To hear someone on the news say ‘it will be interesting to see how the markets react…’ or ‘the markets reacted badly to this event……’ was incredibly bizarre and made me question how this abstract concept could wield so much influence over people.

It was only after living, experiencing and a fair bit of reading that it clicked for me that markets actually are people. They are an embodiment of what we do because they are just a huge reflection of what we are buying, thinking, fearful and confident about and contain all the irrational, aspirational, impulsive and emotional behaviour that people do.

Getting back to the blog and away from context – markets surround us and have played a part in pretty much everything we do. However, not all markets are visible and many live well away from regulation, government knowledge and safety nets. The idea of this study was to look at the shadow economy that exists in Greater Manchester not so much at a macro level but to see what type of transactions are carried out, by who and how.

The study is an ethnographic piece of work and has meant spending long periods of time within the key communities studied – the study is 10 months old and will likely go on for at least another three years.

As this is a piece of work that has been company funded we are able to go where we find interesting things and really push them. We are not attempting to quantify the shadow economy in terms of pounds and pence or chastise it.
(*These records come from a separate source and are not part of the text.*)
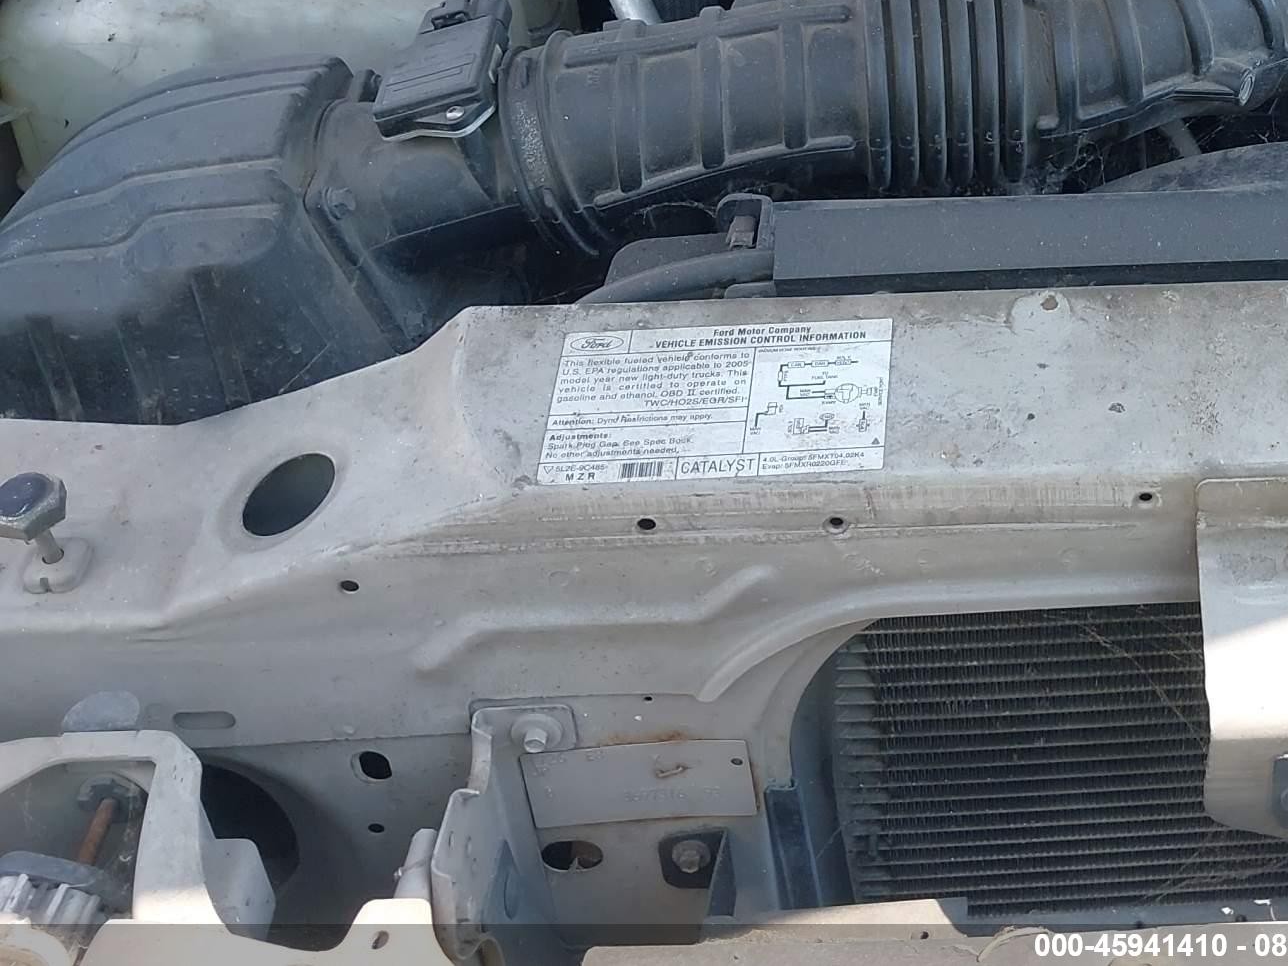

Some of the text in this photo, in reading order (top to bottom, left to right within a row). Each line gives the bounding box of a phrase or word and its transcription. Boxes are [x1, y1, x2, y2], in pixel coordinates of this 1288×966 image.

[713, 325, 812, 337] Ford Motor Company
[580, 338, 615, 349] Ford
[655, 331, 866, 349] VEHICLE EMISSION CONTROL INFORMATION
[564, 359, 583, 367] This
[587, 358, 620, 366] flexible
[624, 356, 654, 365] fueled
[693, 352, 737, 361] conforms
[607, 365, 659, 375] regulations
[662, 363, 710, 373] applicable
[726, 361, 749, 369] 2005
[560, 377, 589, 385] model
[594, 375, 615, 385] year
[618, 375, 638, 383] new
[642, 372, 688, 382] light-duty
[727, 369, 748, 377] This
[558, 385, 595, 394] vehicle
[618, 381, 662, 391] certified
[686, 378, 727, 388] operate
[556, 393, 597, 404] gasoline
[600, 392, 617, 400] and
[660, 389, 683, 397] OBD
[552, 416, 595, 426] Attention:
[670, 414, 687, 422] may
[689, 413, 713, 421] apply.
[549, 432, 612, 442] Adjustments:
[547, 442, 573, 451] Spark
[576, 441, 596, 450] Plug
[643, 438, 666, 447] Spec
[545, 451, 557, 459] No
[560, 450, 586, 458] other
[587, 448, 640, 458] adjustments
[681, 458, 756, 474] CATALYST
[565, 472, 595, 481] M Z R
The purpose of the work is to look at the human elements, what is being traded, why and what markets are developing where mainstream markets either exclude or are excluded.

We are also hugely interested in not only the ‘really’ illegal such as drugs and prostitution but also those markets and transactions that are illicit because of their existence outside the mainstream (taxed) economy and how people flit between the economies.

We will write this blog as we go along – this is not a report or a full study – just some snippets along the journey.

A big credit must be paid to Sudhir Venkatesh and his work ‘Off the books’ (which you can buy here) as it fascinated me to go out and try to emulate his work but in a Manchester style!

Money Lending (1) – The nice(r) side

It’s fair to say I have a very strong personal opinion on unregulated money lending, I have a strong opinion on regulated money lending, which I’m confident in saying I am not in a minority.

So attempting to maintain an objective viewpoint was going to be incredibly difficult.

First things first – nothing in this blog is promoting illegal money lending, the extreme ends of the spectrum are a horrendous vicious cycle which I wouldn’t wish on anybody. However, what I am going to briefly talk about is what I will call (for terminologies sake) the ‘middle ground’ i.e. not a high street (or back street) legal lender but also not a baseball bat wielding ‘Mr Big’ of the underworld.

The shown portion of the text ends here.